The dynamic of St. Sabina can only be explained by its geographic, and thus its cultural, location. St. Sabina Catholic Church is situated in the Auburn Gresham neighborhood of Chicago, a neighborhood which is over 95 percent black and where 32 percent of the population is below the poverty line, compared to 24 percent of the population of Chicago families and 12.38 percent of the U.S. population (City Data 2013). Parishes are purposefully local institutions. Thus, Catholics, unlike Protestants, are deprived of choice in church—they are assigned to the most proximate local congregation. Given patterns of racial and ethnic segregation in the United States, it should come as little surprise that ethnically and racially homogenous parishes persist in the United States. Thus, even if the color of the parish changes—St. Sabina was originally founded in 1916 as an Irish-American parish and became increasingly black with the Great Migration of the 1940s (McGreevy, 1996, 25–26)—the fact of racial homogeneity may be one of the most enduring factors of parish life. Of 356 Catholic parishes in the city of Chicago, thirty-seven are predominantly black (Chicago Archdiocese 2011; National Catholic Register 2012). Of course, the priest and laity can take pains to counter parish ethnic exclusivity and anyone who visits St. Sabina Catholic Church realizes quickly that whether black or white, no one is a stranger at St. Sabina. Visitors are greeted and hugged, and invited to sit with regular members when sitting alone. As evidence of Catholic universalism, the church broadcasts to seventy countries around the world.
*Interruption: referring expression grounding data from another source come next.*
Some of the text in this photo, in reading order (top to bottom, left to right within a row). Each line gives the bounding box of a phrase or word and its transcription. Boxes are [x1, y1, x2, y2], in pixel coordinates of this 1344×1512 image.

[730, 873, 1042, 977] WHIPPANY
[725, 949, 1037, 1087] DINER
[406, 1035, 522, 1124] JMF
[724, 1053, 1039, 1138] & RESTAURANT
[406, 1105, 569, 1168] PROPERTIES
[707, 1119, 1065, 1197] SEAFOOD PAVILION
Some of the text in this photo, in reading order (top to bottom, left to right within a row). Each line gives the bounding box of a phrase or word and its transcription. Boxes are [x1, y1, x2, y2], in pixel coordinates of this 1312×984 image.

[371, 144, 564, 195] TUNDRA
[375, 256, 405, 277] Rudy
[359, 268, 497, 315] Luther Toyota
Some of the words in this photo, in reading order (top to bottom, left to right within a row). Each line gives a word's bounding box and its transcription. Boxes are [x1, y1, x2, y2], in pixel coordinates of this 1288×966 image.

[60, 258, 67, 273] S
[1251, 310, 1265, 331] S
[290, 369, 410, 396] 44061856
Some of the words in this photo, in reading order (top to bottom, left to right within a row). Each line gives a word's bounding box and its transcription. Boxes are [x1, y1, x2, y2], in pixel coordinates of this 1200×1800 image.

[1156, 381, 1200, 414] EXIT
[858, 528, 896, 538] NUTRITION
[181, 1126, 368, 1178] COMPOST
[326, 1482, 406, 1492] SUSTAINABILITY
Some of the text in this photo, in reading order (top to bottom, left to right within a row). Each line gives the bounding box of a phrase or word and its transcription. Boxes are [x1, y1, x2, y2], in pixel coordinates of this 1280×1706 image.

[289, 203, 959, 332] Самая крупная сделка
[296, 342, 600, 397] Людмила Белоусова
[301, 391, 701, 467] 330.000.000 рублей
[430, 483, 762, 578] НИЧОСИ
St. Sabina reflects the contours of the local, racialized context. Inside the church, a portrait of a lively black Jesus hangs where a bloody crucified Christ would normally be ensconced, signifying immediately that this is not a traditional Catholic church. If the black Christ does not signal the uniqueness of the place, perhaps the neon Jesus sign hanging prominently over the choir loft and lectern bespeaks the gospel-centric, liberation-laden moments to come. Of course, some facets of the mass at St. Sabina are thoroughly Catholic in cast and tone—the priestly vestments, the processional where incense is diffused and the cross is lifted high, the presentation of the gospel where congregants bow in deference to the living word, and the Eucharist where individuals cross themselves after partaking of the body and blood of Jesus. Very few icons are present and those that exist, including a statue of the Virgin Mary, are relegated to an ancillary position in the church decor. Despite these elements of Catholicism, one familiar with the traditional black church would feel rather at home during a St. Sabina service. St. Sabina’s thorough fusion of a black worship style, a liberation theology approach, and a Catholic sensibility render its religion as well as its politics of particular interest.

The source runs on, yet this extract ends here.